C’è qualcosa di meravigliosamente romantico nell’ultima impresa di Tim Berners Lee. Probabilmente non sapete chi sia, ma non lo sapevano neanche le centinaia di milioni di persone che nel 2012 stavano guardando la cerimonia inaugurale dei giochi olimpici di Londra. A un certo punto, non ricordo se prima o dopo il clamoroso atterraggio nello stadio della controfigura della regina paracadutata da un elicottero fra le braccia dell’agente 007, è comparso un signore di mezza età, con l’aria svagata che hanno certi scienziati, si è seduto davanti ad un personal computer e ha scritto tre lettere: www, world wide web. E ha aggiunto: “and this is for everyone”, ed è per tutti. E questo chi è? si chiese un telecronista. Era Tim Berners Lee, il fisico inglese che negli anni ’90, mentre lavorava al Cern di Ginevra, ha inventato il web che portato Internet nella vita di tutti noi. Gratis. Nel senso che Berners Lee ha regalato la sua intuizione al mondo.
Nel frattempo la rete è cresciuta ma non come sir Tim aveva previsto. Lo vediamo tutti i giorni: invece che uno strumento per unire le persone e portare benefici a tutti, è diventata spesso un luogo dove dividersi e litigare portando palate di soldi a quelli che hanno creato le grandi piattaforme di cui è impossibile fare a meno. Facebook, Google, Amazon, per citare le più grandi. Tim Berners Lee per un po’ è rimasto a guardare, nel suo ufficio al MIT di Boston, ora ha deciso di tornare in campo. Di reinventare il web, di creare un modo alternativo per stare in rete che riporti il controllo dei dati personali, il vero motore dell’economia digitale, nelle nostre mani.
E così nel mesi scorsi con un team di volontari appassionati, ha sviluppato una piattaforma alternativa, Solid l’ha chiamata, e ora lascia il MIT per mettersi alla testa della startup che dovrà guidare questa rivoluzione: si chiama Inrupt, un termine che in inglese non esiste, ma che suona come il contrario di Disrupt, il verbo preferito della Silicon Valley per celebrare l’innovazione: disrupt è distruggere, inrupt lo potremmo tradurre come rimettere a posto. Siamo arrivati ad un punto critico, ha scritto Tim Berners Lee nel suo annuncio, serve un cambiamento potente se vogliamo salvare la rete e credo di avere l’energia per farlo. I critici diranno che è impossibile, che un professore di 63 anni non potrà mai cambiare il corso delle cose, sfidare colossi come Facebook e Google, convincere gli sviluppatori a far app su una piattaforma nuova e gli utenti ad adottarla.
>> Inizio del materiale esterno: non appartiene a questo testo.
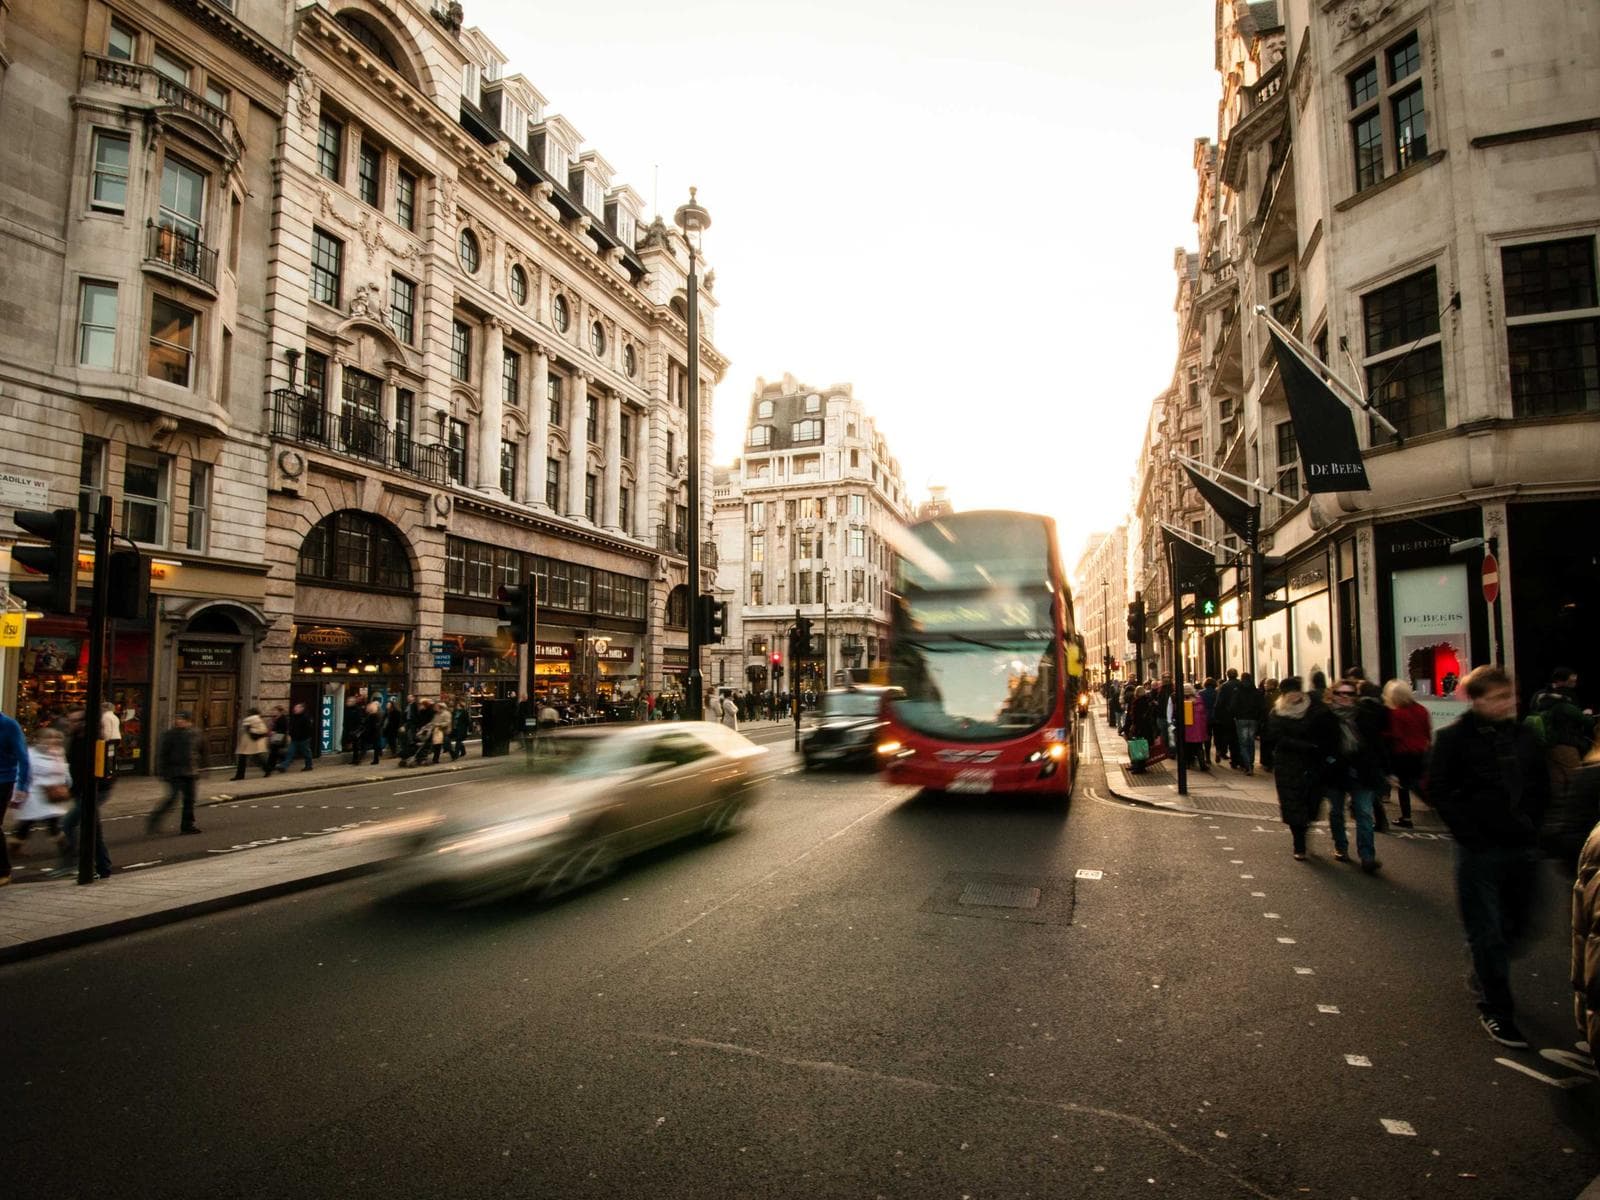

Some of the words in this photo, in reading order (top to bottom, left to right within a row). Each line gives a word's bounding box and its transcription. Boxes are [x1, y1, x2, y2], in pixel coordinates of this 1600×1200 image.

Diranno che è come Don Chisciotte che a un certo punto decise di sfidare i mulini a vento. Forse è così. Ma se invece fra qualche mese o qualche anno il web sarà tornato un motore di eguaglianza e crescita per tutti, come era agli inizi, ricordatevi di quando tutto è iniziato: quando Tim Berners Lee ci ha ricordato che “il futuro resta più grande del passato”, e si è messo in viaggio per noi.